TASK ITEM — For every line in the records below that holds "photo", make a copy.

Collection entries
+++

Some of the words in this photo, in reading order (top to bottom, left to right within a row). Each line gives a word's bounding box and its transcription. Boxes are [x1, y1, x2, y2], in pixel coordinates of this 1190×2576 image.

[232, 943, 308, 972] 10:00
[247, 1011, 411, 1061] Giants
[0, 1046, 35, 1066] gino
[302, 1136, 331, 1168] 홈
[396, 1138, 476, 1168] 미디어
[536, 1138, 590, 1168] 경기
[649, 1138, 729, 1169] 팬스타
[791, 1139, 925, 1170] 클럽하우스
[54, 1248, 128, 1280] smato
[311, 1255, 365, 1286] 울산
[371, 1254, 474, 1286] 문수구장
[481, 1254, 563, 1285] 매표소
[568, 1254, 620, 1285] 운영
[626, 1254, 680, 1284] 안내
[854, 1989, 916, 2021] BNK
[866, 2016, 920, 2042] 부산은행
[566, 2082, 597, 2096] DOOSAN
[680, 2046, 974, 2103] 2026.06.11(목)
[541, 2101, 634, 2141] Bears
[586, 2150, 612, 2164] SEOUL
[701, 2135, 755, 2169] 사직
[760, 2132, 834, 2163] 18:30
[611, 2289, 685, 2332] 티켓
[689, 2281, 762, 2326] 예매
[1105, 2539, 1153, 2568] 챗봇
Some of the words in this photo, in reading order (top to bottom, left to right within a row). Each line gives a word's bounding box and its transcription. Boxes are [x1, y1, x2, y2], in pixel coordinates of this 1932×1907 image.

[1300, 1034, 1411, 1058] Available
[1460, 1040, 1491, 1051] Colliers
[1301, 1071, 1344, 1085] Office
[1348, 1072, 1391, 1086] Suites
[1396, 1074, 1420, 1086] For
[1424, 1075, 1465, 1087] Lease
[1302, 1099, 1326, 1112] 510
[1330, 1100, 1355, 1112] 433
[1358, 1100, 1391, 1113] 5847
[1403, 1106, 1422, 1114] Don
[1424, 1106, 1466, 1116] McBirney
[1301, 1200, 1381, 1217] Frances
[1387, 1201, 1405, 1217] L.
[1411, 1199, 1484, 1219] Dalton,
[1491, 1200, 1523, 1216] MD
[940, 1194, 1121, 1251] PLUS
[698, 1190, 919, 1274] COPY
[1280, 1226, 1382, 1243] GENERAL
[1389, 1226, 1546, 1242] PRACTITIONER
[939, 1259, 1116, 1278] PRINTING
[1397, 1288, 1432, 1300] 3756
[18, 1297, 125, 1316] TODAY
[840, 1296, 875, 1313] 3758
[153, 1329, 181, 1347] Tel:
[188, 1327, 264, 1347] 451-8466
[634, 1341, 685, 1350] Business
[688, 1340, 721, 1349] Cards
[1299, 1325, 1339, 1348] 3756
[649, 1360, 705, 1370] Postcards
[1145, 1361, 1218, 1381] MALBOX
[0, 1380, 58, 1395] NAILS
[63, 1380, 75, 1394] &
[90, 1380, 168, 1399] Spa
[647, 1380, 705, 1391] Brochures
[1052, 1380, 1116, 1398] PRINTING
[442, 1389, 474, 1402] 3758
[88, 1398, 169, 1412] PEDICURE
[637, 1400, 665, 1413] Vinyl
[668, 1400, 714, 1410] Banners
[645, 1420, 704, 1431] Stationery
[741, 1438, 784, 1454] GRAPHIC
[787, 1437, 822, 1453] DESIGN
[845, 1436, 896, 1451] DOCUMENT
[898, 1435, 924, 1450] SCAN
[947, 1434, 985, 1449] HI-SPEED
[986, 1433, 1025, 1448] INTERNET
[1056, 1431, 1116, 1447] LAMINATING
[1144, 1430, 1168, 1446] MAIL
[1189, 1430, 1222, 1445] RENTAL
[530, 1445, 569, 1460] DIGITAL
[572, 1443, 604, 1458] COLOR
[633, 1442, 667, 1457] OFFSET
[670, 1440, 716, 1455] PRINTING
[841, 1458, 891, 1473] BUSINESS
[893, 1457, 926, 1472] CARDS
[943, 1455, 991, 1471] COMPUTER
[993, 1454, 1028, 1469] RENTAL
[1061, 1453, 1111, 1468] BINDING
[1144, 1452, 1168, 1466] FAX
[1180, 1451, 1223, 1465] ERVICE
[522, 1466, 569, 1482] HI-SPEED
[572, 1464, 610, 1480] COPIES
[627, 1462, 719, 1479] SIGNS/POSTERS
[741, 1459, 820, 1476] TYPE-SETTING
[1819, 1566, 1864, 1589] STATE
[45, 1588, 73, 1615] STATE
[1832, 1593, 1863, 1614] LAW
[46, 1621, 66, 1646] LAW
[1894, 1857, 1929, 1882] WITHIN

+++

THE ANSWER —
Some of the words in this photo, in reading order (top to bottom, left to right within a row). Each line gives a word's bounding box and its transcription. Boxes are [x1, y1, x2, y2], in pixel coordinates of this 1190×2576 image.
Some of the words in this photo, in reading order (top to bottom, left to right within a row). Each line gives a word's bounding box and its transcription. Boxes are [x1, y1, x2, y2], in pixel coordinates of this 1932×1907 image.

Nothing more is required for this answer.